Mettersi dalla parte di Dio. Perchè benedire le relazioni omosessuali?
Testo di Antonio De Caro* tratto dal suo libro “La violenza non appartiene a Dio. Relazioni omosessuali e accoglienza nella Chiesa”, editrice Eta Beta PS, 2020, paragrafo 6.4, pp.113-118
Le persone LGBT+ conoscono bene, purtroppo, la delusione che nasce dal sentirsi feriti, umiliati ed emarginati, quando la Chiesa Cattolica Romana le ritiene escluse dal progetto di Dio, a meno che non rinneghino il loro sentire più profondo. La mia speranza sarebbe, piuttosto, che la Chiesa Cattolica Romana proclamasse con sincerità: «o voi tutti, assetati, venite all’acqua» (Is 55.1); e che sapesse offrire alle persone LGBT+ momenti di vero sostegno.

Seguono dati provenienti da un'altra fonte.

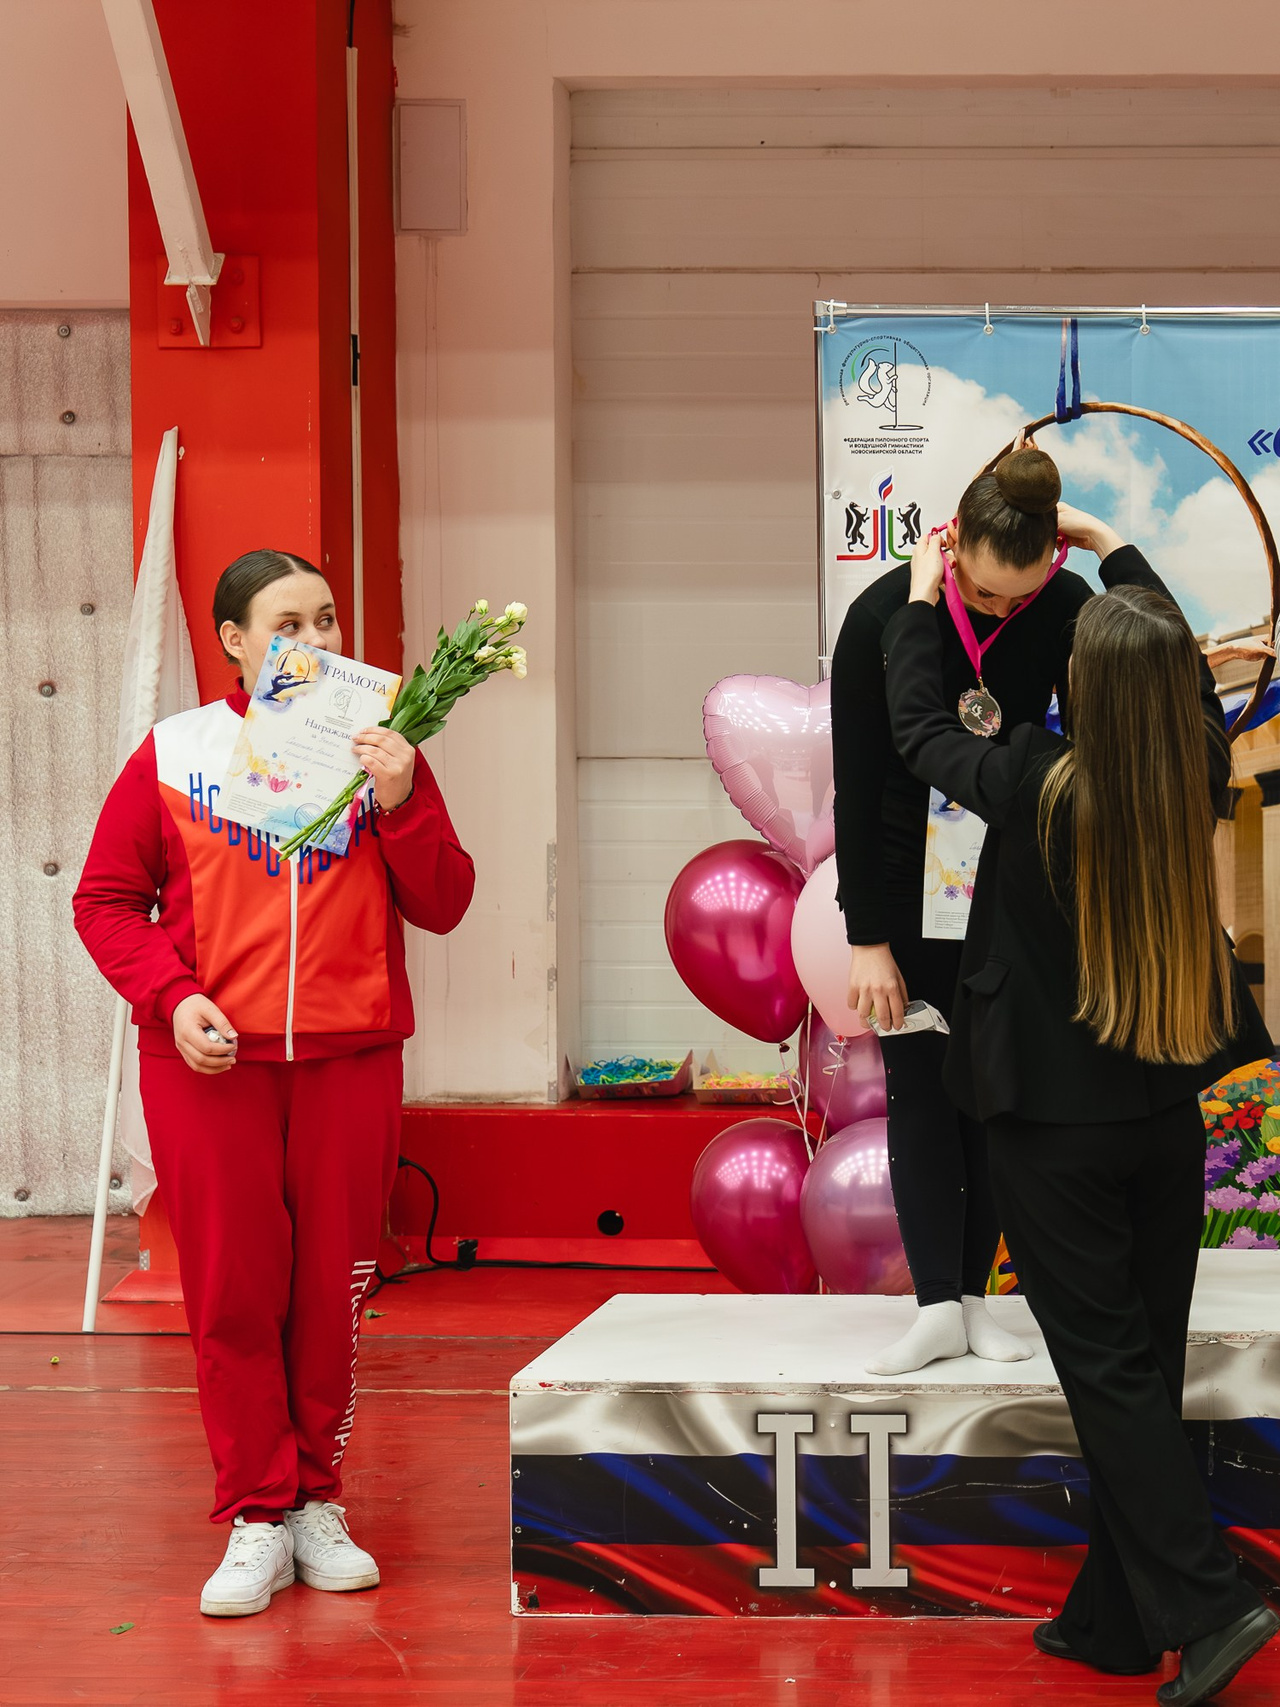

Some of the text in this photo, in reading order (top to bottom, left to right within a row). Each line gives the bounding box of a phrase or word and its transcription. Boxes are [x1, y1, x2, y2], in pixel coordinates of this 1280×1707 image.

[324, 664, 389, 696] ГРАМОТА
[304, 717, 353, 741] Награждае
[757, 1413, 909, 1588] II

I cristiani, proprio perché formati al modo con cui Gesù Cristo ha riletto e re-interpretato i comandamenti, dovrebbero sapere bene che “non commettere adulterio” significa trasferire all’interno delle relazioni d’amore umano il dono di sé che Dio fa agli uomini. La fedeltà di Dio è una garanzia evolutiva che può accrescere la qualità delle relazioni fra le persone, e questo vale sempre e comunque.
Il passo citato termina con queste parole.